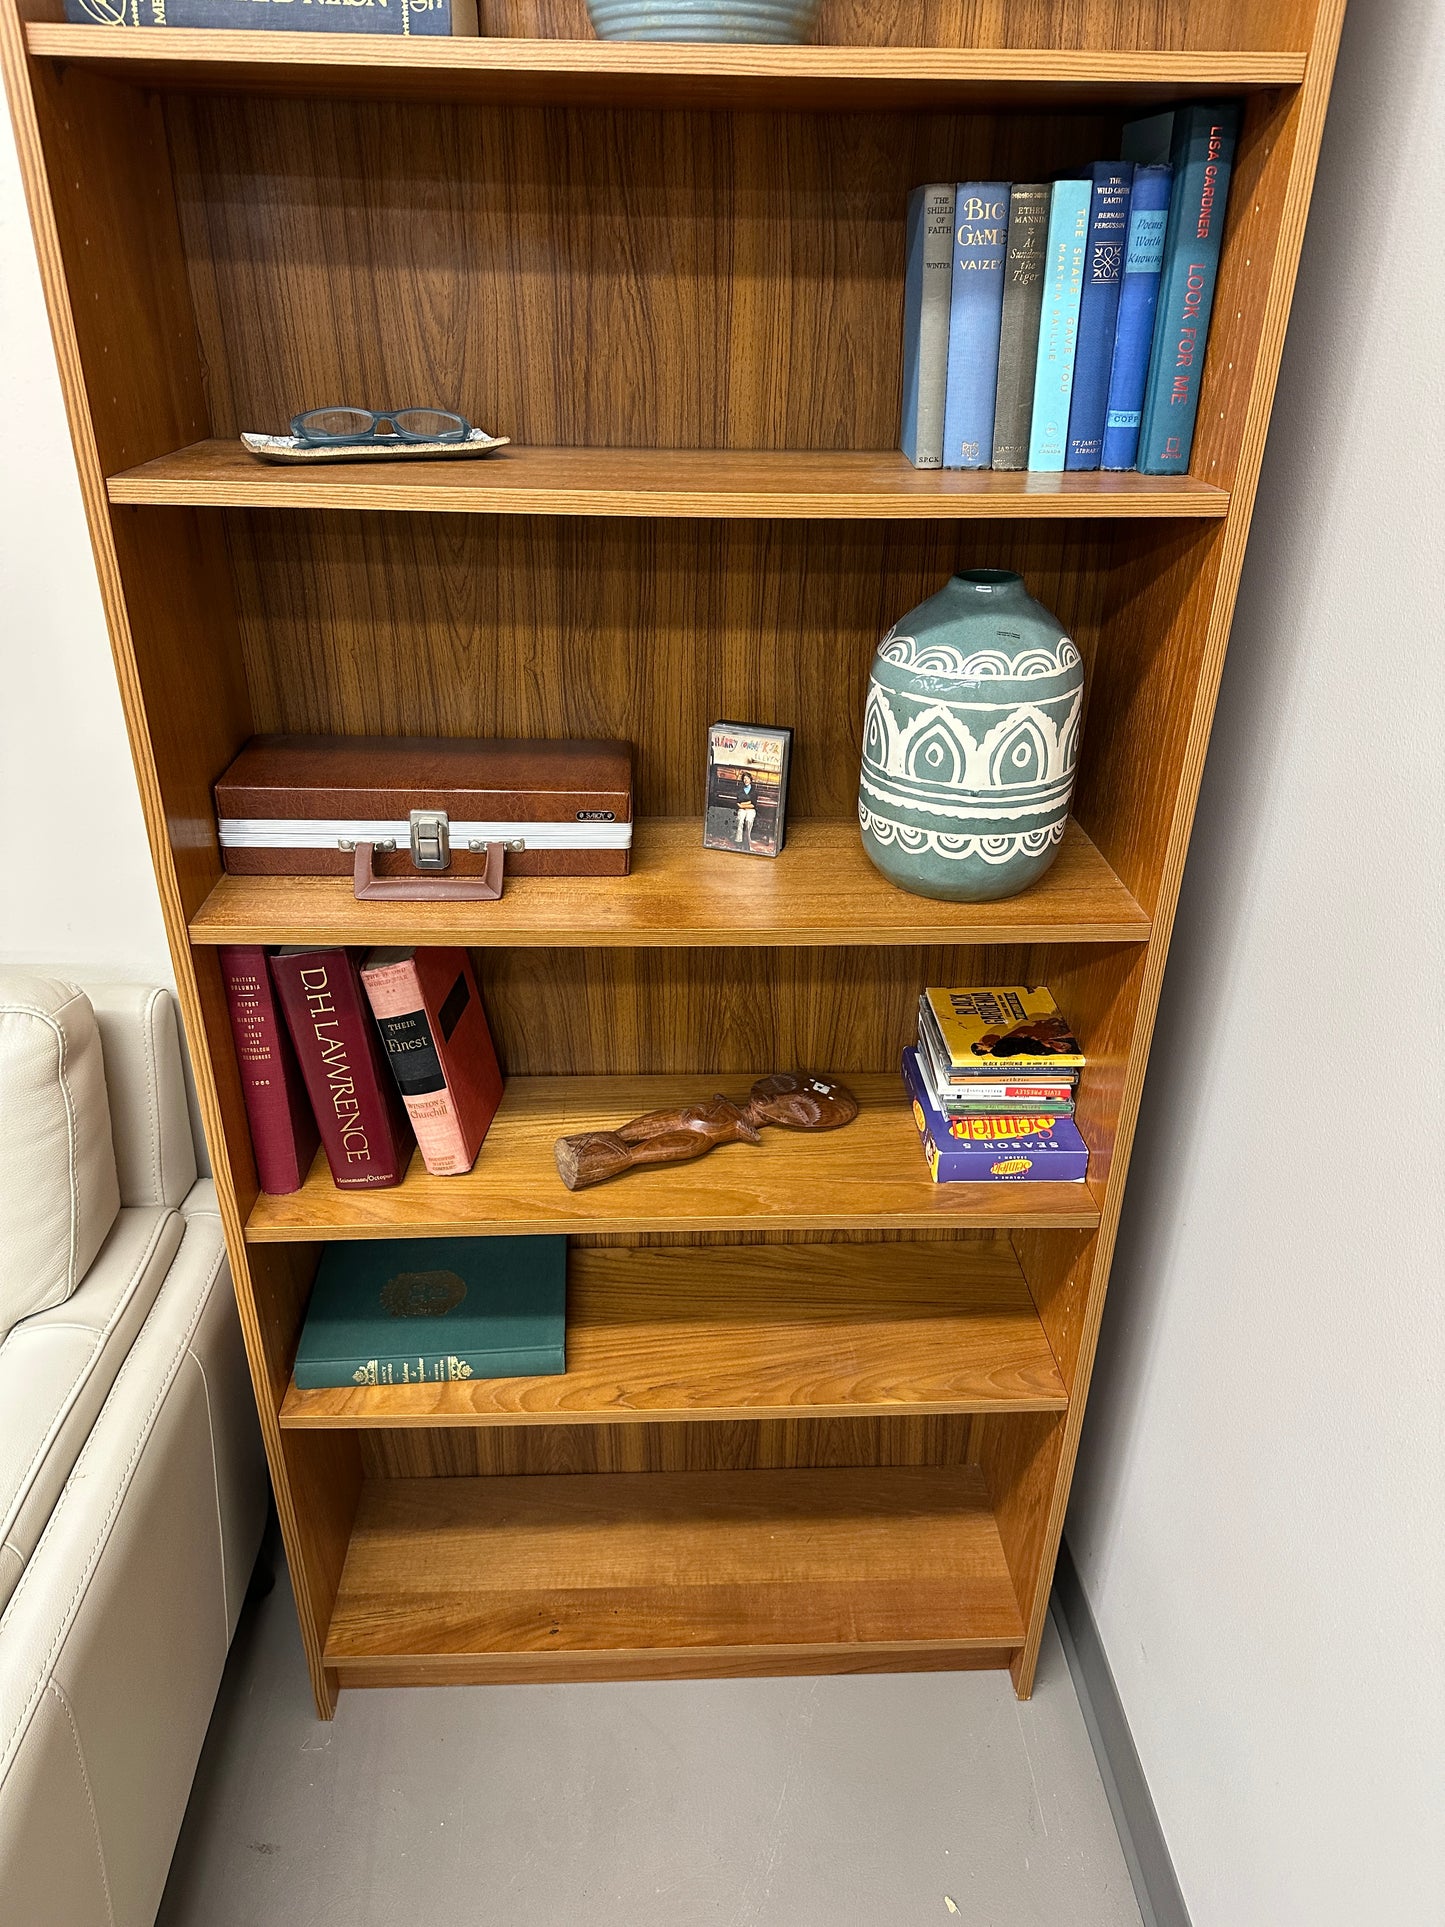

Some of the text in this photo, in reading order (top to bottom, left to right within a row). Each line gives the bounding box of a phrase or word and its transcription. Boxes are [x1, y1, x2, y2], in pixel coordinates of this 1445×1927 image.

[1196, 126, 1223, 239] LISA GARDNER
[964, 198, 1006, 220] BIG
[1018, 206, 1046, 215] ETHEL
[928, 226, 952, 234] FAITH
[1076, 208, 1086, 237] THE
[1137, 219, 1163, 230] Poems
[957, 225, 1008, 246] GAME
[1023, 238, 1035, 247] At
[1135, 236, 1161, 246] Worth
[960, 260, 1003, 270] VAIZEY
[1020, 261, 1036, 270] the
[1128, 253, 1163, 265] Knowing
[1012, 270, 1039, 285] Tiger
[1069, 247, 1082, 295] SHAPE
[1048, 243, 1067, 360] MARTHA BAILLIE
[1064, 317, 1075, 353] GAVE
[1171, 264, 1206, 405] LOOK FOR ME
[1060, 363, 1071, 392] YOU
[382, 967, 406, 978] SECOND
[367, 979, 391, 988] WORLD
[949, 994, 979, 1014] BLACK
[970, 992, 1006, 1024] GARDENIA
[388, 1020, 416, 1031] THEIR
[386, 1036, 428, 1053] Finest
[299, 966, 371, 1163] D.H. LAWRENCE
[408, 1100, 439, 1109] WINSTON
[410, 1105, 448, 1119] Churchill
[952, 1116, 1054, 1140] Seinfeld
[991, 1162, 1029, 1175] Seinfeld

◆ **Problem details**
Return the listing above word for word. Keep the images out.

◆ **Problem solution**
Some of the text in this photo, in reading order (top to bottom, left to right within a row). Each line gives the bounding box of a phrase or word and its transcription. Boxes are [x1, y1, x2, y2], in pixel coordinates of this 1445×1927 image.

[1196, 126, 1223, 239] LISA GARDNER
[964, 198, 1006, 220] BIG
[1018, 206, 1046, 215] ETHEL
[928, 226, 952, 234] FAITH
[1076, 208, 1086, 237] THE
[1137, 219, 1163, 230] Poems
[957, 225, 1008, 246] GAME
[1023, 238, 1035, 247] At
[1135, 236, 1161, 246] Worth
[960, 260, 1003, 270] VAIZEY
[1020, 261, 1036, 270] the
[1128, 253, 1163, 265] Knowing
[1012, 270, 1039, 285] Tiger
[1069, 247, 1082, 295] SHAPE
[1048, 243, 1067, 360] MARTHA BAILLIE
[1064, 317, 1075, 353] GAVE
[1171, 264, 1206, 405] LOOK FOR ME
[1060, 363, 1071, 392] YOU
[382, 967, 406, 978] SECOND
[367, 979, 391, 988] WORLD
[949, 994, 979, 1014] BLACK
[970, 992, 1006, 1024] GARDENIA
[388, 1020, 416, 1031] THEIR
[386, 1036, 428, 1053] Finest
[299, 966, 371, 1163] D.H. LAWRENCE
[408, 1100, 439, 1109] WINSTON
[410, 1105, 448, 1119] Churchill
[952, 1116, 1054, 1140] Seinfeld
[991, 1162, 1029, 1175] Seinfeld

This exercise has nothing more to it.